WORK ITEM. Because the pictures are not wanted, reproduce the rest of the records below exactly as they stand.
===== SUPPLIED RECORDS
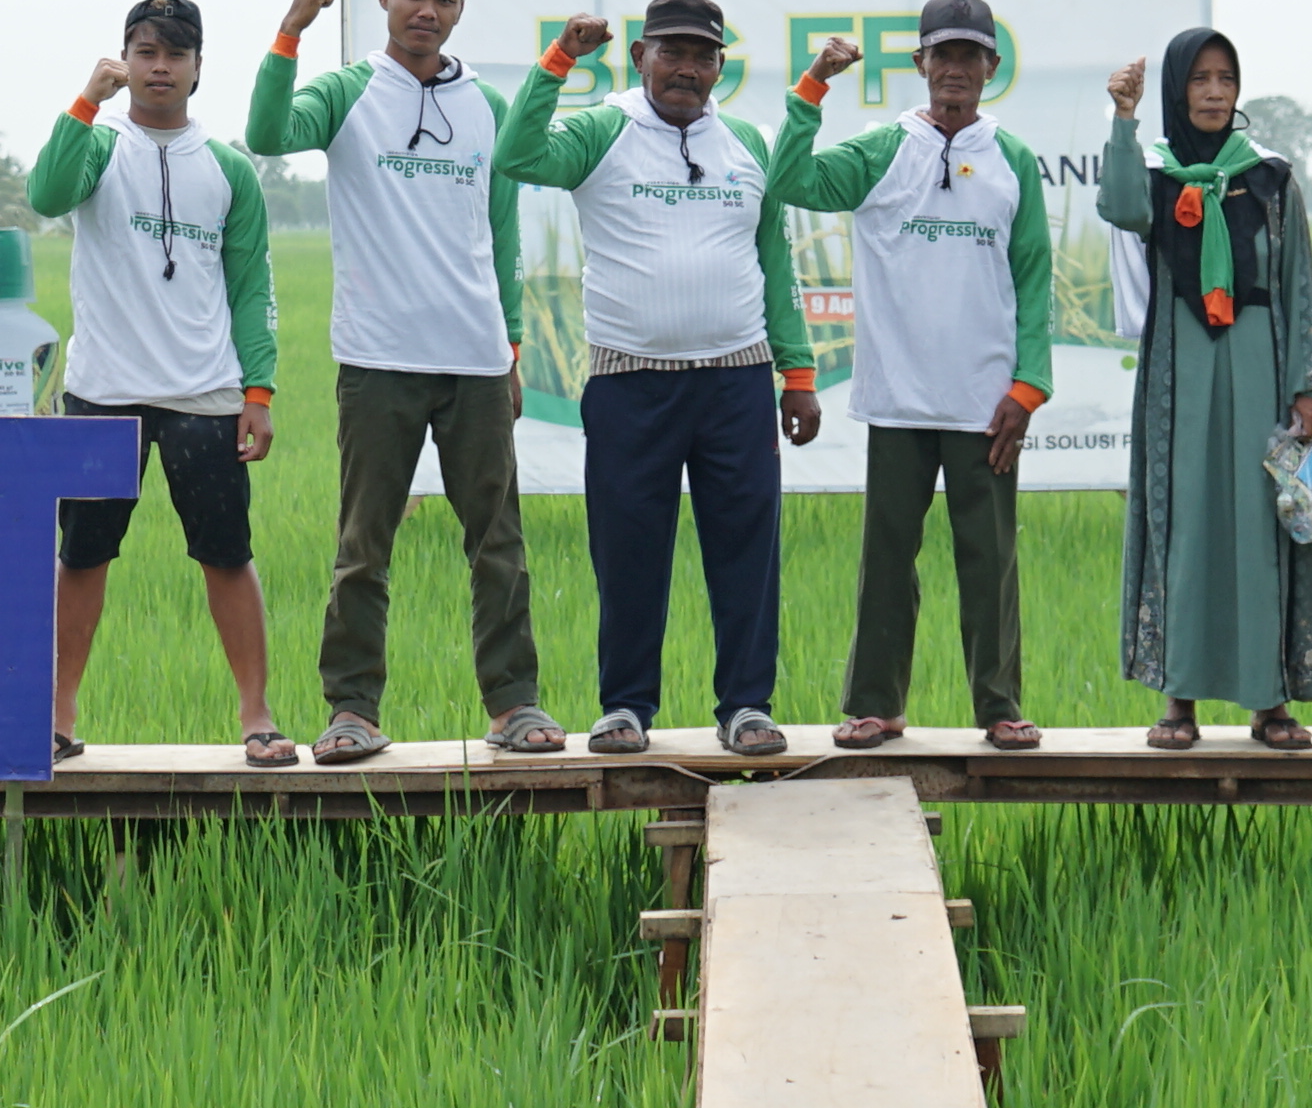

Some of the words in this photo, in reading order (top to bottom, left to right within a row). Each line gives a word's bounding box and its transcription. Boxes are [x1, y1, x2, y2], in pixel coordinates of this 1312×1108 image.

[377, 154, 475, 178] Progressive
[632, 184, 743, 205] Progressive
[130, 216, 218, 243] rogressive
[899, 221, 996, 242] Progressive
[1046, 434, 1116, 450] SOLUSI
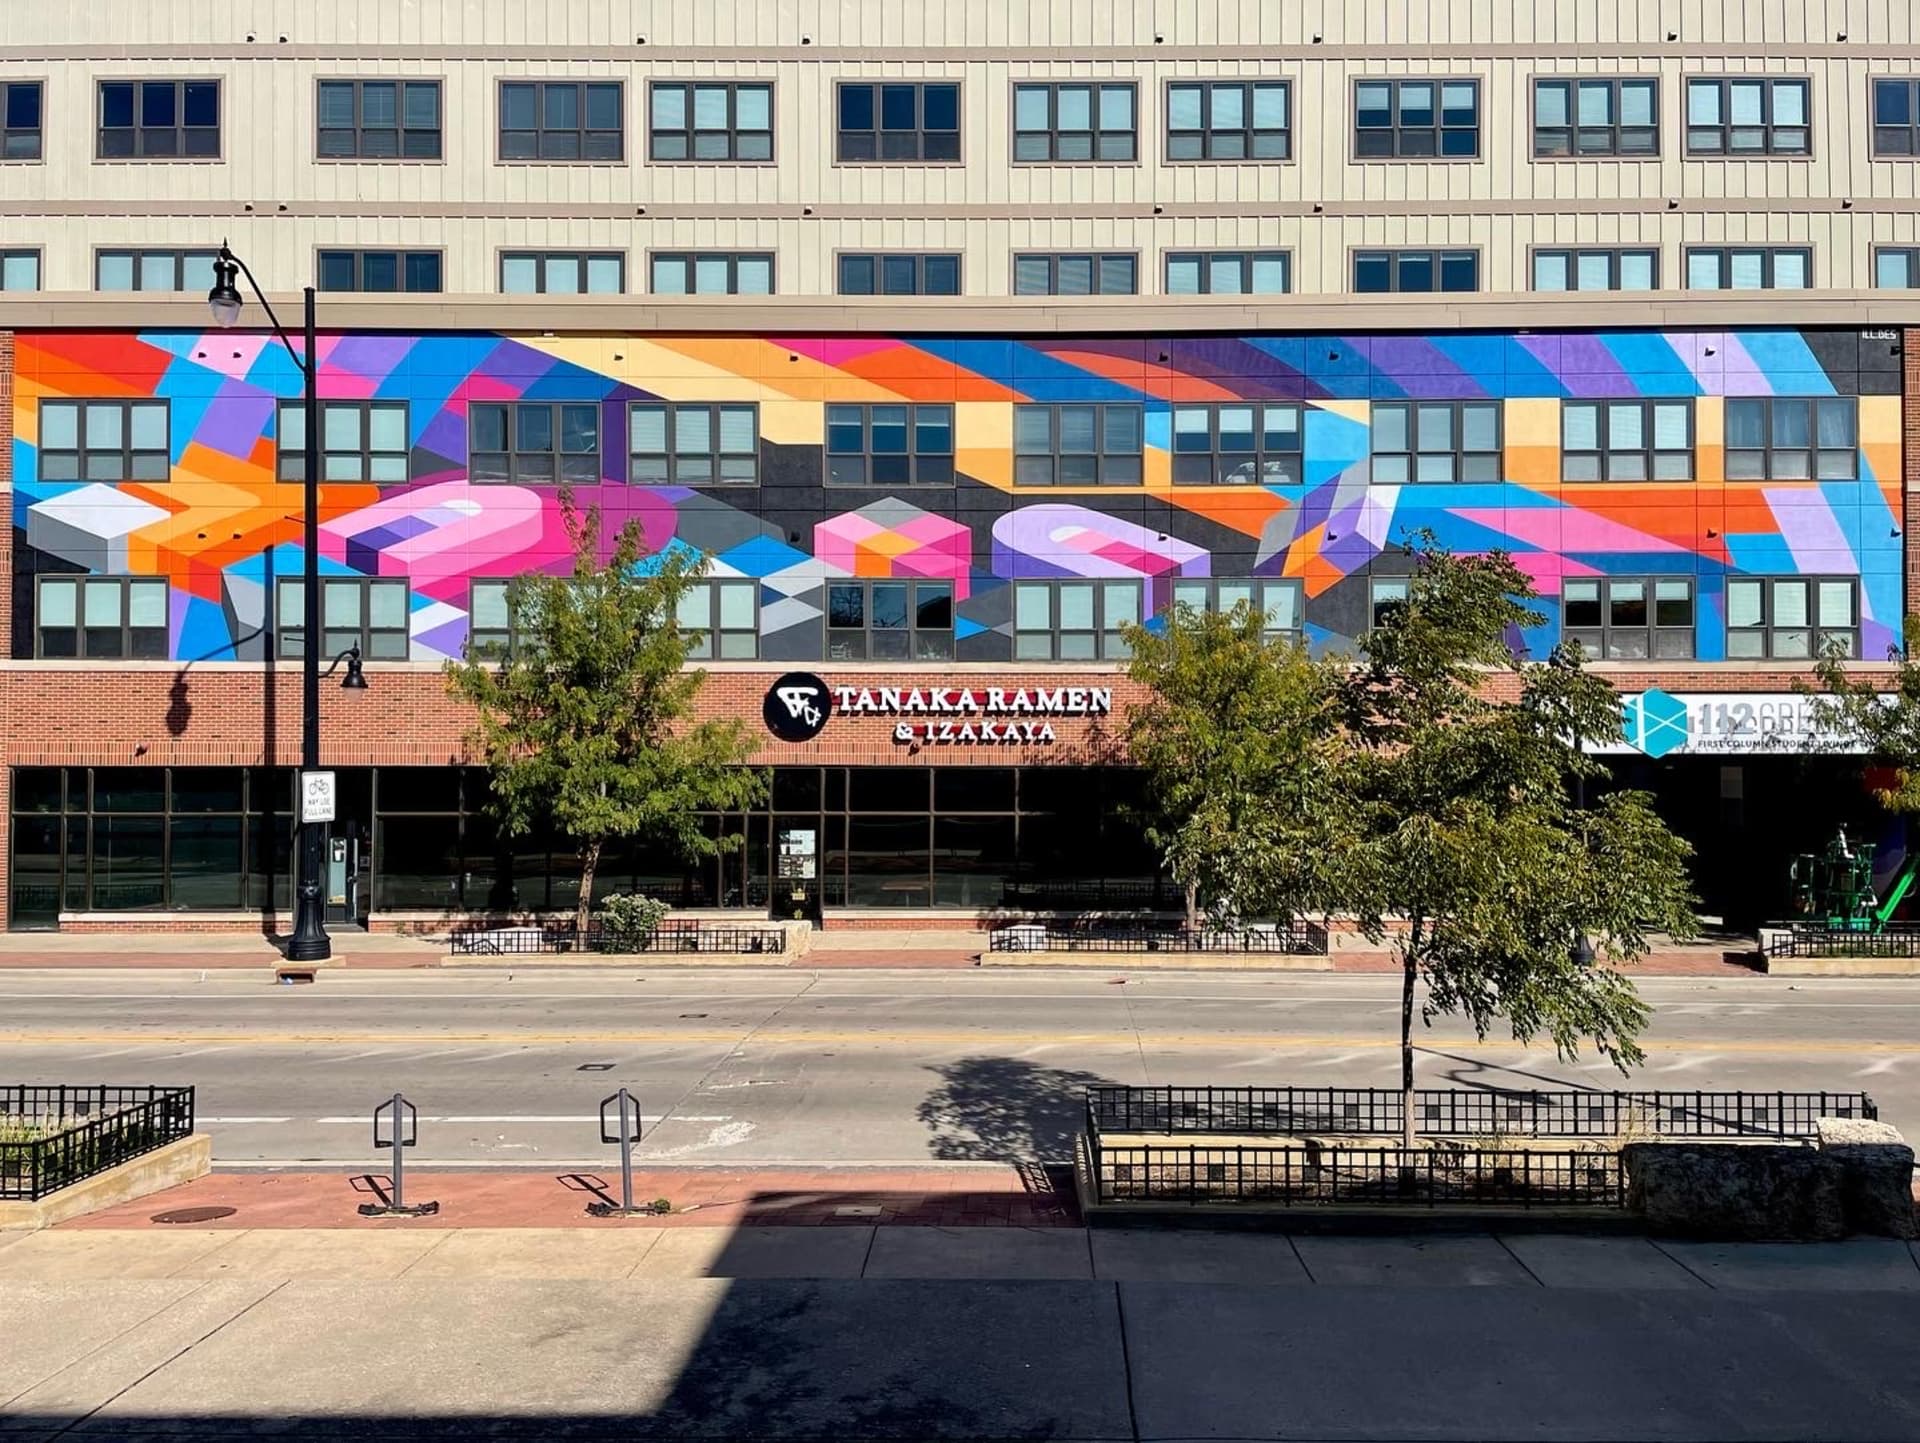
==========
EXPECTED ANSWER.
Some of the words in this photo, in reading order (top to bottom, left to right within a row). Each line gives a word's bounding box and its transcription. Boxes are [x1, y1, x2, y2], in pixel coordinates of this 1312×1108 image.

[377, 154, 475, 178] Progressive
[632, 184, 743, 205] Progressive
[130, 216, 218, 243] rogressive
[899, 221, 996, 242] Progressive
[1046, 434, 1116, 450] SOLUSI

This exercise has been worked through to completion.